27. Despite the difficult regional environment and an unfavorable climate in world equity markets, our privatization program is on track. We expect to meet the program objectives of bringing a 51 percent share in United Bank Ltd. (UBL) and a major share (up to 26 percent of B-shares, representing a majority of votes, as well as management control) in the telecom company (PTCL) to the point of sale by May 2002. For UBL, we are working with the group of pre-qualified bidders on due diligence, and on finalizing the cleaning up of its balance sheet. The privatization of UBL will be quickly followed by the sale of 49 percent of Allied Bank, after various court challenges (by employees) have recently been decided in favor of the government. We also plan to sell during 2002 the remaining government share (9 percent) in Muslim Commercial Bank, and are in the process of recruiting financial advisors for the privatization of Habib Bank. In the context of the ongoing privatization of the nationalized banks, we will shortly issue government bonds for about PRs 24 billion to banks to extinguish any outstanding claims on CBR for overpayment of income tax during 1992-2000. 3 For PTCL, the privatization process was well advanced in September last year, but various investor groups that had expressed strong interest at the time put their interest on hold after September 11. We will shortly re-open the invitation for expressions of interest in the hope to attract possibly additional investors, while at the same time attempt to revive the already expressed interests and initiate the pre-qualification process. The bidding for government shares in 11 companies operating at different stages in the oil and gas sector will be launched in March/April 2002. In coordination with the AsDB that is providing technical and financial support for KESC privatization, we have elaborated a strategy for the privatization process which has been approved by the cabinet in late February 2002, with a view towards bringing KESC to the point of sale (of up to 75 percent of shares) by July 2002. To allow initiation of the legal procedures needed to recapitalize KESC and change its capital structure, as required for privatization, we will shortly issue government bonds of about PRs 32 billion to commercial banks to repay KESC's debts outstanding as of March 31, 2002.

28. The financial performance of several public sector enterprises, especially in the power sector, remains a major source of macro-financial risk and reform efforts in this area will have to be strengthened. In particular, in the context of the World Bank SAC II currently under negotiation, we will adopt a restructuring strategy aimed at ensuring WAPDA's financial viability. In this context, we will address relevant issues such as the appropriate level of electricity tariffs, which have not yet fully absorbed the structural cost increases during 1999-2000; improving collection of receivables; and clearance of arrears to the federal government, suppliers and banks. In particular, WAPDA is being strongly encouraged to cut off supply to nonpayers of overdue receivables. We will review the legislation governing the independent power sector regulator (NEPRA) to ensure that the fuel adjustment clause is allowed to operate fully automatically.

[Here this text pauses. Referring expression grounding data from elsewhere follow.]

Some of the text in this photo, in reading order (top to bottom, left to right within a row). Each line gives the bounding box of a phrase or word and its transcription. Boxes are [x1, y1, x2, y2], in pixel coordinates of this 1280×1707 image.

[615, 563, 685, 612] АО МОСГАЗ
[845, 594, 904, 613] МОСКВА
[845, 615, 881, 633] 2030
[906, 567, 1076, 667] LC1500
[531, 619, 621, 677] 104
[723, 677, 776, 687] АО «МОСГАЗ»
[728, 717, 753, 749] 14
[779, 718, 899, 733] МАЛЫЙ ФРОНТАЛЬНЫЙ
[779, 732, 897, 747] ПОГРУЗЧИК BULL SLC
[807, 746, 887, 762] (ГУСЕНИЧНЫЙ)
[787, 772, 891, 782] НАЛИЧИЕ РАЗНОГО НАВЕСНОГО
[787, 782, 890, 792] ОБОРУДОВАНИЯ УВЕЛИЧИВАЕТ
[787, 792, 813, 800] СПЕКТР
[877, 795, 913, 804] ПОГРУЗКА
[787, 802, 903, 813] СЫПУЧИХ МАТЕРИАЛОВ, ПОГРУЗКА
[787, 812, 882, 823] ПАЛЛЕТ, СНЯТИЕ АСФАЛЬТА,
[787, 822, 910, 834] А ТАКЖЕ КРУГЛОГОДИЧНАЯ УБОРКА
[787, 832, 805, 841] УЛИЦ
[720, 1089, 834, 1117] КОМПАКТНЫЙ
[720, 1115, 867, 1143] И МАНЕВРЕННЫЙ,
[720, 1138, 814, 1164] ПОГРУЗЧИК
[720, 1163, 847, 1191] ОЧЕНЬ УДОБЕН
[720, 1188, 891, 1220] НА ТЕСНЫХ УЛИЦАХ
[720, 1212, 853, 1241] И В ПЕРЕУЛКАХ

We will also formulate a clear policy regarding the licensing of operators in the power sector, and on this basis move ahead with the corporatization of WAPDA and privatization of some of its generation and distribution units. Monitoring of public enterprises is being strengthened. Beyond closer monitoring of credit (as described above), restructuring plans for PIA, Pakistan Railways, and Pakistan Steel Mills have recently been approved by the President, and are followed by internal monitoring mechanisms (in lieu of the formal memoranda mentioned in our November 2001 MEFP). In addition, we will prepare, by July 2002, a set of key quarterly performance targets for these enterprises and will publish quarterly progress reports, with a two-month lag, on the Ministry of Finance website, starting in November 2002 with data for the quarter July-September.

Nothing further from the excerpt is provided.